Instructions for the task |
Each entry must appear in the answer exactly as it does here.

[Dataset entries]
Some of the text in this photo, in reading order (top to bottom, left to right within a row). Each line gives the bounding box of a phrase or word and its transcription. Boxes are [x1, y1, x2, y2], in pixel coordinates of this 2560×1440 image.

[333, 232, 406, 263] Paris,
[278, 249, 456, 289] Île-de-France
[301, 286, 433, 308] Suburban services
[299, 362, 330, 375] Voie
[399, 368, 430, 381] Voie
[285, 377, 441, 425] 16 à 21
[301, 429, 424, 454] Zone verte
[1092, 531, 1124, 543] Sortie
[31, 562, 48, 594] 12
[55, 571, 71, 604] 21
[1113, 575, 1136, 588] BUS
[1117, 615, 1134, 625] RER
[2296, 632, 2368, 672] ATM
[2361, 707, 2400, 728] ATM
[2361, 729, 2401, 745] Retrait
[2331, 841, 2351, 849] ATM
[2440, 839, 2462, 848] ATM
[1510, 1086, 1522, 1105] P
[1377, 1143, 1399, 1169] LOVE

Worked solution |
Some of the text in this photo, in reading order (top to bottom, left to right within a row). Each line gives the bounding box of a phrase or word and its transcription. Boxes are [x1, y1, x2, y2], in pixel coordinates of this 2560×1440 image.

[333, 232, 406, 263] Paris,
[278, 249, 456, 289] Île-de-France
[301, 286, 433, 308] Suburban services
[299, 362, 330, 375] Voie
[399, 368, 430, 381] Voie
[285, 377, 441, 425] 16 à 21
[301, 429, 424, 454] Zone verte
[1092, 531, 1124, 543] Sortie
[31, 562, 48, 594] 12
[55, 571, 71, 604] 21
[1113, 575, 1136, 588] BUS
[1117, 615, 1134, 625] RER
[2296, 632, 2368, 672] ATM
[2361, 707, 2400, 728] ATM
[2361, 729, 2401, 745] Retrait
[2331, 841, 2351, 849] ATM
[2440, 839, 2462, 848] ATM
[1510, 1086, 1522, 1105] P
[1377, 1143, 1399, 1169] LOVE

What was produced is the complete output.